Trabalhando juntos, Honorina e Enildo disputavam e eram requestados. Os melhores do mundo, havia quem dissesse. Certa vez vieram buscá-los para um serviço especial. Queriam esconder marcas de tortura, Honorina logo percebeu. "Enildo aceitou, de covarde. Eu expulsei aos empurrões o sujeito fardado."

Estranhou a ausência de Josué, sendo tão tarde. Descurou a espreita da porta e foi olhar as substâncias. Cheirou os bálsamos e testou, rilhando os dedos um contra o outro, a consistência dos líquidos. Tudo estava pronto. Havia um galão de honoratrum como que presidindo os outros objetos. Nunca mais a antiga rigidez, pensou, aquela mumificação, a cor cerácea. Com o derradeiro serviço, iria coroar de glória toda a sua vida. "O rapaz vai ficar bonito".

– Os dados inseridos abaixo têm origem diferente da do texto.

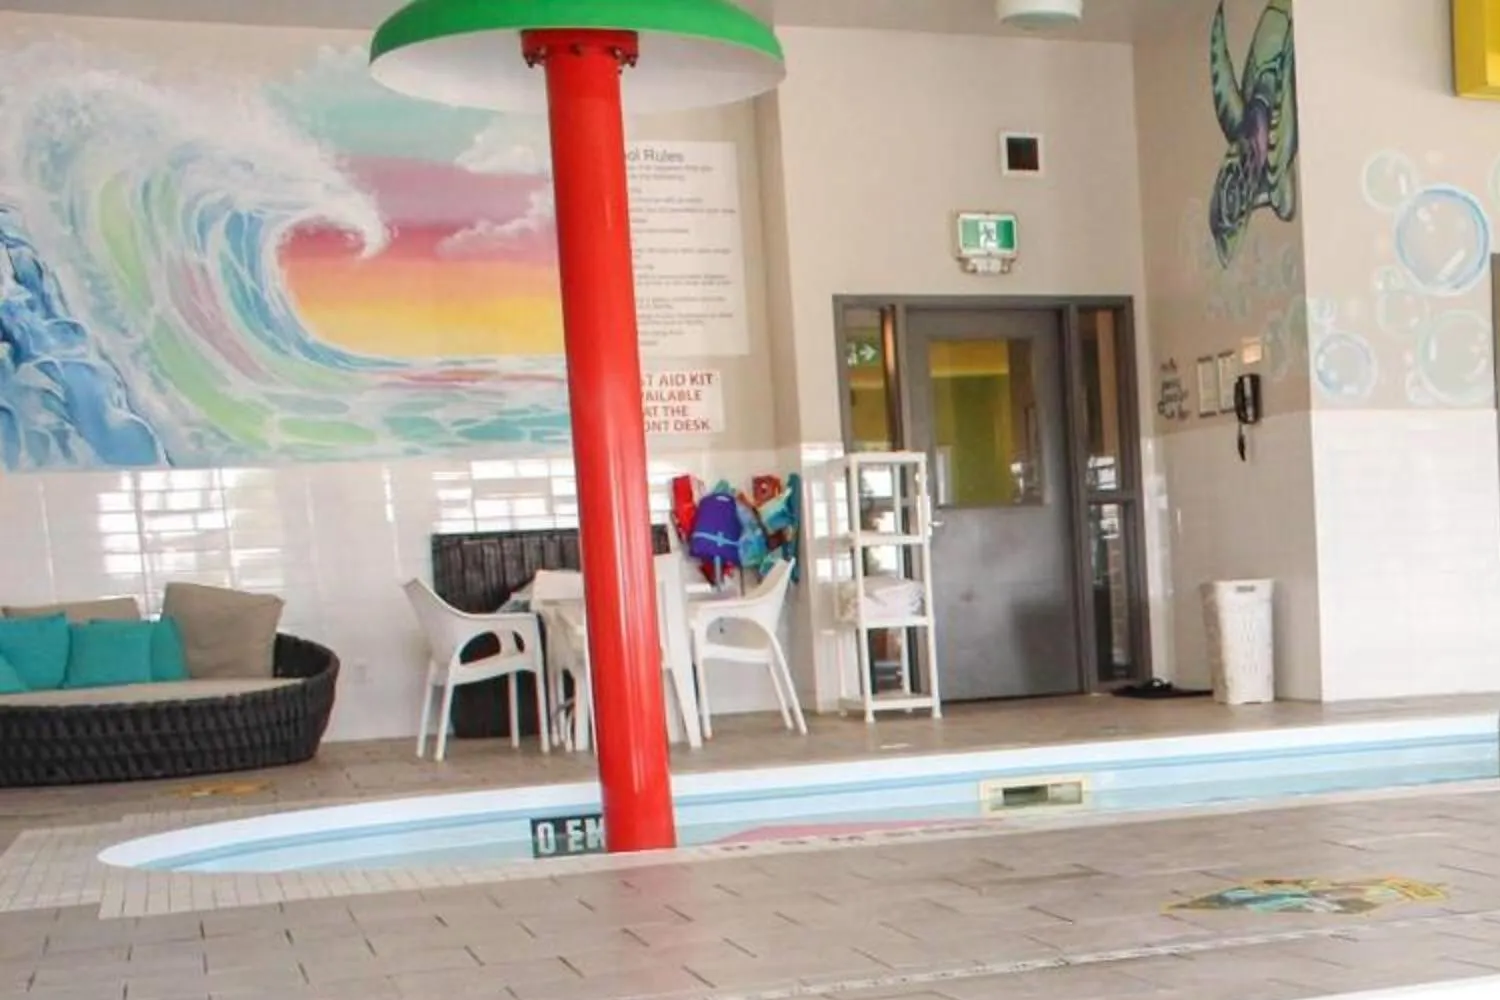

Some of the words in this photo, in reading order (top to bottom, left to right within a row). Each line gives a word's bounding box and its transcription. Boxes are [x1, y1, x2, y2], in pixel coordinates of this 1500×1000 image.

Ouviu um rumor na maçaneta e voltou, apressando os passos. Ao tocar na porta, esta se abriu e o vigilante da manhã meteu a cabeça: "Veio trabalhar no feriado, dona Honorina?"

Parou, abismada. Fez um sinal, despachando o homem, e trancou a porta. "Feriado. Como fui esquecer? Agora não há mais tempo. Amanhã estarei aposentada, o laboratório extinto, não vão sequer me deixar entrar". Sentou na cadeira e prendeu a cabeça entre as mãos.

A claridade da manhã atravessava as altas janelas e brilhava nos vidros, nos metais. Uma réstia de luz disparada desde o céu apontava os instrumentos ao lado da mesa. Todo o cenário tinha um ar digno, como se o laboratório se tivesse transfigurado para receber um ritual solene. Honorina ergueu os olhos e abarcou o recanto em que costumava trabalhar, até então humilde e simples - parecia agora uma capela-mor, onde o mármore da mesa se elevava como um crisol sagrado.

Fez a última revisão.

Libertou-se das roupas e foi para a mesa, alçando-se devagar, em movimentos prudentes. Certificou-se de que podia alcançar os instrumentos, os potes.

Começou pelos pés. As primeiras incisões foram mais dolorosas do que esperava, circundando os calcanhares, subindo no rumo das panturrilhas. Aplicando o pó de alúmen, estancava os filetes que teimavam em brotar. Logo, uma dor mais viva, surgida pela injeção dos líquidos, fazia esquecer a lancinante pontada dos cortes. Quando terminou com as pernas, Honorina teve forças para sorrir, ao perceber que já não doíam. Terminou devagar com o ventre, que se rebelava, em espasmos. Chegada a vez do sexo, hesitou, quase cedeu à tentação de abandonar tudo. A dor fazia-a apertar os maxilares até quase despedaçar os dentes; mas venceu, e a embalsamação continuou.

"Devia ter preparado mais honoratrum, a consistência é leve, é mais volátil. Onde está o diabo da cânfora?"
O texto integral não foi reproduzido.